Questa mattina, la Polizia di Stato di Napoli ha eseguito un’ordinanza cautelare nei confronti di sei persone indagate per spaccio di sostanze stupefacenti e ricettazione. Il provvedimento, emesso dal G.I.P. del Tribunale di Napoli su richiesta della Direzione Distrettuale Antimafia, prevede per uno dei soggetti la custodia in carcere, per un altro gli arresti domiciliari, per un terzo il divieto di dimora nel comune di Napoli, mentre per i restanti tre è stato disposto l’obbligo di presentazione alla polizia giudiziaria.

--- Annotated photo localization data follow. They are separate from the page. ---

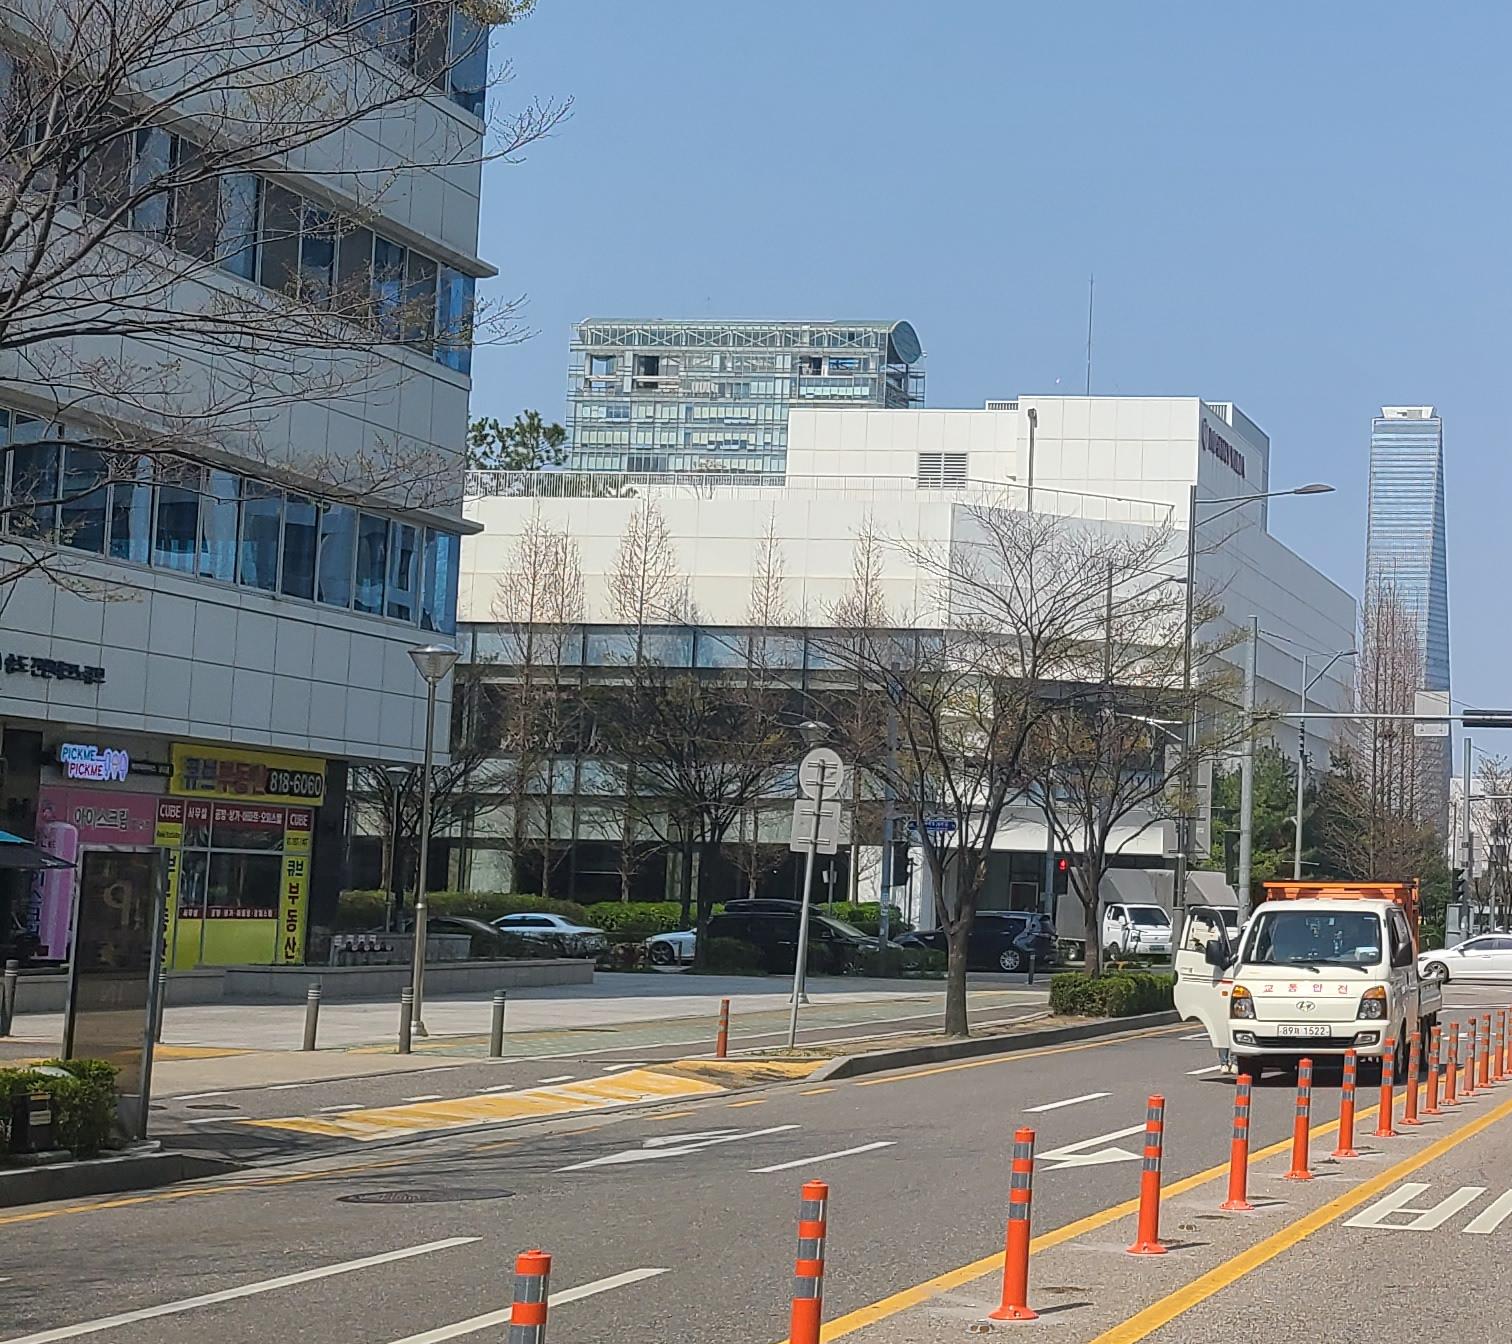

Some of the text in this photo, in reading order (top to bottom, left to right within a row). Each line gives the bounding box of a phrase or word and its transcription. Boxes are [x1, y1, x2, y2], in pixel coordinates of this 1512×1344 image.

[62, 746, 96, 761] PICKME
[70, 762, 103, 777] PICKME
[269, 771, 322, 796] 818-6060
[74, 807, 128, 831] 아이스크림
[160, 804, 181, 819] CUBE
[290, 813, 308, 827] CUBE
[285, 882, 300, 962] 부동산
[1304, 1026, 1326, 1035] 1522

L’operazione, condotta dalla Squadra Mobile con il supporto dei Commissariati Vicaria-Mercato e Ponticelli, segue un precedente blitz del 10 luglio che ha portato all’arresto di 25 persone ritenute coinvolte in associazione mafiosa, traffico di droga, detenzione di armi clandestine e altri reati.

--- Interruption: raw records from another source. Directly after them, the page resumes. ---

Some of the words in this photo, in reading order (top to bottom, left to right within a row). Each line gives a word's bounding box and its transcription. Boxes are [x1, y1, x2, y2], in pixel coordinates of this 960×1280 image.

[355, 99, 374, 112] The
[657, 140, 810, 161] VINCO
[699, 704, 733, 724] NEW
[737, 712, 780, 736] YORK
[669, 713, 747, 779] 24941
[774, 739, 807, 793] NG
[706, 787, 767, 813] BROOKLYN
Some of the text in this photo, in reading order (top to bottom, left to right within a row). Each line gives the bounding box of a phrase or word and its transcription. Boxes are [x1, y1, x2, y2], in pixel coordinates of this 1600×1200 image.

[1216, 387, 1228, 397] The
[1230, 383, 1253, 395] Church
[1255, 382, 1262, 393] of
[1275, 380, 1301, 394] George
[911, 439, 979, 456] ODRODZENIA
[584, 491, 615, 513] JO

Le indagini hanno fatto luce sull’organizzazione e sulle ramificazioni del clan Mazzarella, presente nel capoluogo e provincia di Napoli, con tre principali gruppi attivi nelle zone del Connolo, Forcella e Poggioreale. Le famiglie coinvolte sono Barattolo, Galiero, Buonerba (detti “Capelloni”) e Nunziata (“Castagnari”).

Durante le perquisizioni, gli agenti hanno sequestrato una pistola Glock rubata, munizioni e circa 1,5 kg di hashish nascosti in una busta nel sottotetto di un edificio in zona Porta Nolana.

Il procedimento è ancora in fase preliminare e gli indagati sono considerati presunti innocenti fino a sentenza definitiva.